The purpose of this study was to (1) develop wound dressing materials with incorporated colloidal dispersions of TE and to (2) study their efficiency related to wound healing performance and (3) drug release. The surface properties of electrospun fiber mats were characterized by using SEM, thermal analysis with differential scanning calorimetry (DSC) and confocal Raman spectral imaging for visualization of all components within the fiber mats. We also conducted ex vivo permeation and in vitro release studies using Franz diffusion cell. The efficacy of the developed wound dressings was evaluated through an ex vivo wound healing assay. Here, low and highly TE-loaded dressings were tested and compared to an oleogel similar to the authorized product. To the best of our knowledge, there are no reports focusing on the development of this kind of wound dressing; therefore, this will be the first polymer-based wound dressing containing birch bark dry extract aimed for future potential use in wound therapy.

2. Materials and Methods

2.1. Materials

PVA with a molecular weight of 146–186 kDa was purchased from Sigma Aldrich (Steinheim, Germany), hydrogenated phospholipids from soybean lecithin (Phospholipon 90 H) were supplied by Lipoid GmbH (Ludwigshafen, Germany). SO was purchased from Caesar & Loretz GmbH (Hilden, Germany). Birch bark extract was obtained from Amryt AG (Niefern-Öschelbronn, Germany). Reverse osmosis water (ELGA Labwater, Celle, Germany) was used for the preparation of all solutions. Parafilm® was from Bemis Company Inc., (Oshkosh, WI, USA). Whatman Nuclepore polycarbonate membrane filters were purchased from Sigma-Aldrich (Steinheim, Germany). Pig ears for permeation studies were obtained from the Department of Experimental Medicine at the University of Tuebingen [35] and for wound healing studies from a slaughter house in Schleswig-Holstein after slaughtering the pigs for human consumption.

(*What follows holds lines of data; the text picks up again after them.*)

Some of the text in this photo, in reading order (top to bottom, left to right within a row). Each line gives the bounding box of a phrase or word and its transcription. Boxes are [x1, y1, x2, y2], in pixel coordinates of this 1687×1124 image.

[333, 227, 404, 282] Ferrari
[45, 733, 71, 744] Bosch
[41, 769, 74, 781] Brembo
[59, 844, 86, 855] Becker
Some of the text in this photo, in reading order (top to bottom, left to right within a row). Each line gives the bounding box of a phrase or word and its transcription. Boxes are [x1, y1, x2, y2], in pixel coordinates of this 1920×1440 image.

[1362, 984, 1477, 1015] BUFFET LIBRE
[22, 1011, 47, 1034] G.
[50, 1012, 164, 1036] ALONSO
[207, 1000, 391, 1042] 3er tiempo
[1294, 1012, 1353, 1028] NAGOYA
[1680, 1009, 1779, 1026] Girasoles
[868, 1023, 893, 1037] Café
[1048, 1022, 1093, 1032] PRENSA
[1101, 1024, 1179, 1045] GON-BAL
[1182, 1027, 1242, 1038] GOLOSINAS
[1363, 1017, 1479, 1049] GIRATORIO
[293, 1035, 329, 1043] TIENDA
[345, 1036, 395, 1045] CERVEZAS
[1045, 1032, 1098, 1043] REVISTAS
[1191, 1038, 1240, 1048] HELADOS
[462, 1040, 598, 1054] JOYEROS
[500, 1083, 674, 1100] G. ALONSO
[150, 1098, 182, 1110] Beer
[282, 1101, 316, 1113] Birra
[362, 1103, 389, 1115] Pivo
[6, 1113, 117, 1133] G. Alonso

2.2. Preparing the Colloidal Dispersions

Three different dispersions were prepared with varying concentrations of TE as shown in Table 2. Dispersions 1 and 2 (D1 and D2) were necessary to investigate the impact of high or low TE concentration on wound healing, whereas dispersion 3 (D3) was used as a placebo. It is important to mention that it was only practically possible to produce dispersions consisting of high TE (5%) loading by use of high concentrations of PL90H (8%). That is why 8% PL90H was used in preparation of dispersion consisting 5% TE. Dispersion containing 2.5% PL90H was the optimized colloidal dispersion from our previous study. Briefly, during preparation of each formulation, a predispersion was prepared by first dispersing Phospholipon 90H (PL90H) and TE in water at 70 °C for 30 min under magnetic stirring at 400 rpm using Heidolph MR 3001 K magnetic hotplate stirrer (Schwabach, Germany). Then, this mixture was homogenized for 5 min using a rotor-stator system (Ultra Turrax T25, IKA, Staufen, Germany), at 9500 rpm. Thereafter, the formed dispersion was added into the SOand homogenized for 3 min. Finally, the predispersion was homogenized using a high-pressure homogenizer (Emulsiflex C-3, Avestin, Mannheim, Germany) for eight cycles at a pressure of 100 MPa and their particle sizes measured with a Zetasizer Nano-ZS (Malvern Instruments, Herrenberg, Germany).

Table 2.

Composition (wt.%) of the prepared aqueous dispersions with their particle sizes.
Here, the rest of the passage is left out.